DHAKA – The global financial crisis of recent years has exposed serious flaws in the world’s financial system. Credit markets that were originally created to provide businesses with capital were manipulated by a handful of individuals and companies to serve the selfish goal of earning unrealistically high returns through financial engineering. People in developed countries have suffered as a result – witness unprecedented levels of unemployment in countries like Spain and Greece – but so have countless millions in developing countries that played no part in causing the crisis.

In fact, the persistence of many of the world’s social problems reflects our collective misinterpretation of the idea of capitalism. As a result, businesses are run for the sole purpose of maximizing profit, and humans are conceived as one-dimensional money-making machines.

But there is a missing component in our conception of the economic marketplace: social business. A social business is a non-dividend-paying company whose entire purpose is to solve a particular social or environmental problem. Shareholders can recoup their initial investment over time, but nothing beyond that. All profits are plowed back into the company to increase its reach or to improve the product or service that it provides.
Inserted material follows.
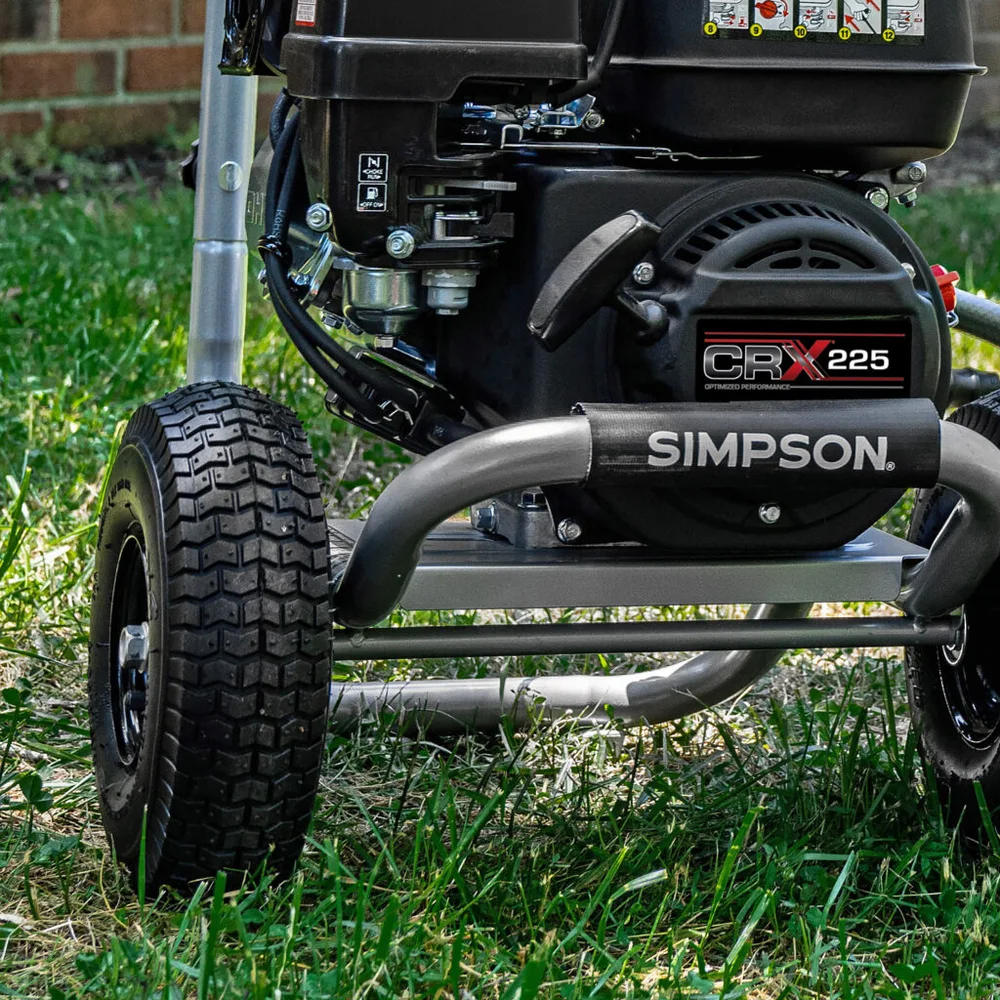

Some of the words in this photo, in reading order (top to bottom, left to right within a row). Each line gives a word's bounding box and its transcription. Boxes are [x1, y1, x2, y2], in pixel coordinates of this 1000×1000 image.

[796, 28, 805, 36] 10
[703, 340, 831, 380] CRX
[828, 349, 889, 370] 225
The company’s board, management, and employees are focused on addressing the problem that the company was established to solve, and it measures its success and impact accordingly. Profitability serves the company’s need to cover its costs and its desire to grow, not investors’ wish to make money. The entrepreneur and investor in a social business is motivated by the desire to do good rather than to do well.

This kind of business has no place in our economic framework; only profit-maximizing companies do. While their proliferation has brought economic growth, jobs, and prosperity, it has also created today’s environmental, energy, food, and financial crises, in addition to widening income inequality and large pockets of poverty.

Social businesses are one way to create a balance between individual greed and collective imperatives. Companies, for example, could create social businesses in parallel with their for-profit businesses. Each entrepreneur or firm could create its own range of social businesses. They could also create social-business funds to pool resources from many investors – small, medium, or large – to capitalize new and existing social enterprises.

While social philanthropy by individuals or corporations is of course important, it has a fundamental limitation. A charity dollar only has one life: once it is used, it cannot be brought back. But a social-business dollar is immortal. It can be recycled without end. By addressing charitable objectives with social businesses, we can achieve them in a sustainable way.

Currently, government is left to address the problems created by profit-maximizing individuals and businesses. But government alone cannot solve them all, because it is, by design, slow-moving and not highly innovative – limitations that become increasingly constraining as problems grow and multiply. Individuals and companies are far more dynamic and creative, and they could easily address these problems more effectively through the creation of social businesses.

While the idea of a non-dividend-paying company may seem utopian to some, I am happy to report that more and more people and businesses are embracing the concept. We have created a series of social businesses in Bangladesh, and more are now springing up in Albania, Haiti, Colombia, Costa Rica, the United Kingdom, Japan, India, China, and Germany, among others. What we are seeing is that when we de-link business from the imperative to make money, we get an entirely different type of enterprise – one that specializes in using human creativity to solve human problems.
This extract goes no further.